Monday, July 27, 2009

Welcome FTA with ASEAN


It is hearty to note that the union cabinet had cleared the Free Trade Agreement (FTA) with ASEAN block. In the age of collaborations this is a must for economic and socialeastasia progress. This will facilitatate the mutual growth of ASEAN countries. Especially those who are affected by closed mindset will be benefited.

The Times of India writes (28 July 2009)
Last week, the cabinet approved a Free Trade Agreement (FTA) with the Association of Southeast Asian Nations (ASEAN). The fruit of several years of tough negotiations between the two sides, the FTA would entail reductions or removal of import duties on over 4,000 items of mutual trade. While the Manmohan Singh-led dispensation has shown welcome resolve in staying the course on the trade pact, eleventh-hour objections emanating from within and outside government need delicate, issue-specific handling. The FTA is geared to taking India’s engagement with ASEAN to the next level. It won’t do to have it nixed at the twelfth hour.

Some anti-FTA arguments are untenable, such as Left-sponsored ones that virtually advocate that India turn protectionist. Whether or not some countries adopt beggar-thy-neighbour policies thanks to the global crisis, India has maintained a principled stand at world forums about the perils of protectionism. The CPM’s grouse about India’s markets being thrown open at a supposedly bad time, therefore, doesn’t cut ice. Congress leader A K Antony, on his part, says Kerala’s farmers would suffer with duty cuts applied to pepper, rubber, cashew and other commodities. The government will do well to have a dedicated ministerial panel look into the concerns of Kerala’s plantation sector.

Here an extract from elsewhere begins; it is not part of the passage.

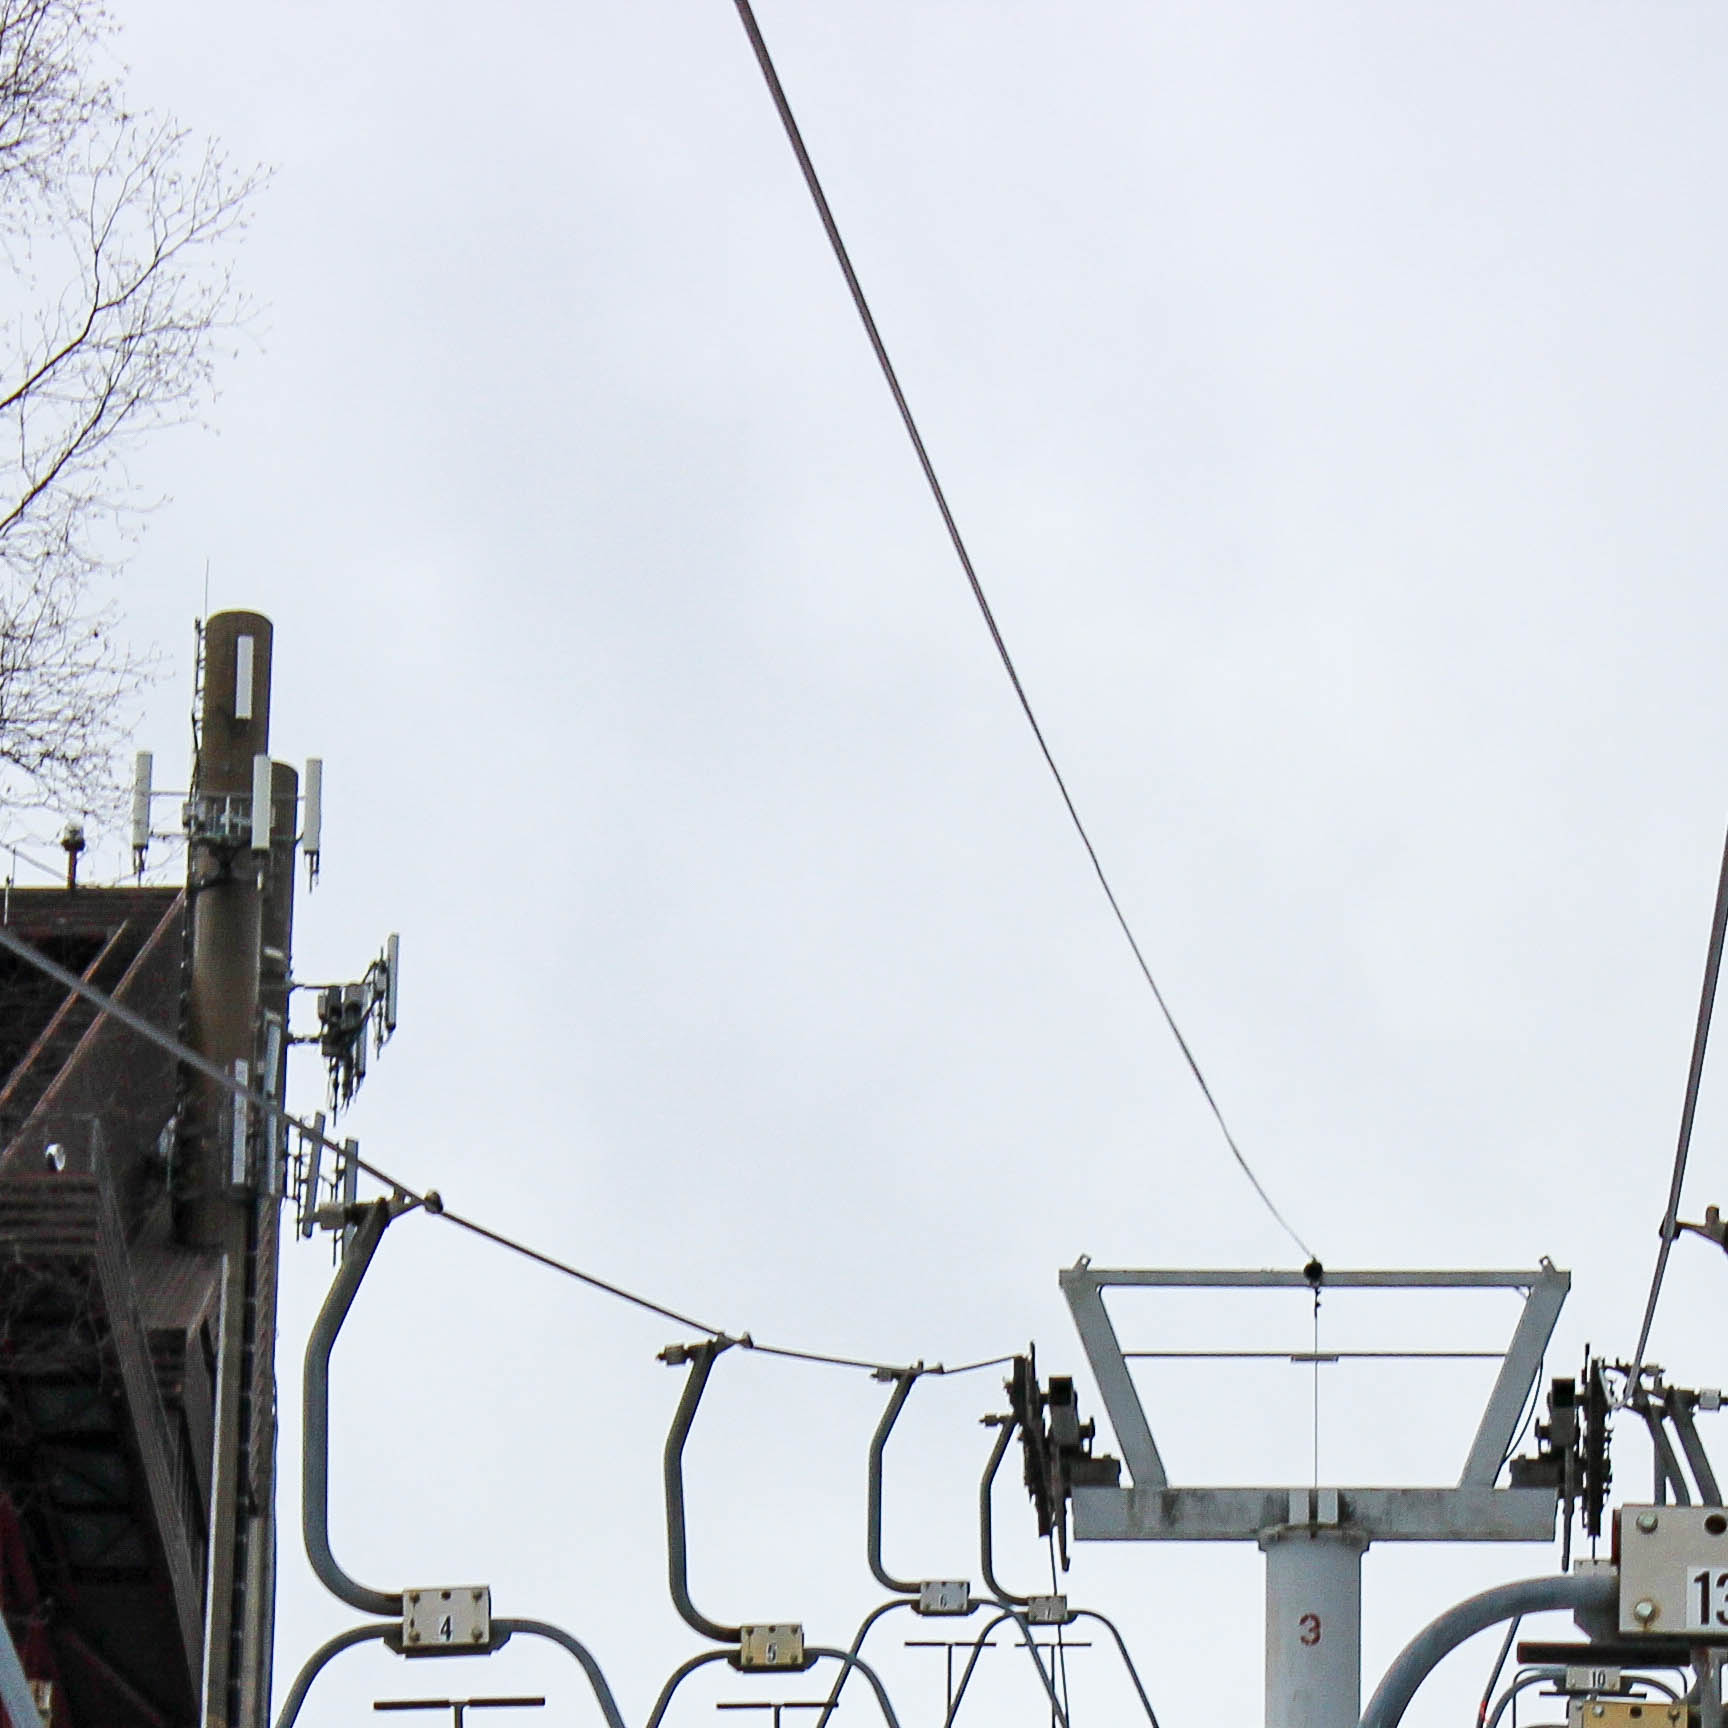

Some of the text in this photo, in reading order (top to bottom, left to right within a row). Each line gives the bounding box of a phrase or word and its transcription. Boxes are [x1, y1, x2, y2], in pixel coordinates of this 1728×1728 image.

India-ASEAN trade has risen from around $7 billion in 2000-01 to $39 billion in 2007-08. With tariffs rationalised, it is expected to balloon many times over. Plus, Indian exporters will gain access to the $1.1 trillion ASEAN market. Fears about influx of foreign goods flattening domestic players are unfounded if India’s experience with cheap Chinese imports is anything to go by. If anything, trade regularisation via FTAs creates an institutional framework that spells out the rules of the game. There’s also the bigger picture. Asia’s globally recognised economic clout in the 21st century would be reinforced if Asian nations did business with each other on the basis of mutual synergies.

Part of the post-Cold War shift in India’s worldview and its switch to pragmatism as the core of foreign policy, India-ASEAN ties have more than economic dimensions. They are key to the Look East policy, whereby post-reforms India sought room for diplomatic manoeuvre beyond its South Asian confines. The interests of ASEAN, one of the world’s biggest trade blocs, were equally served by engaging with an Asian counterweight to China. Trade and investment as well as cooperation on global issues have driven India’s Look East initiative. Signing the FTA will signal its continuing commitment to economic integration and political cooperation with South East Asia.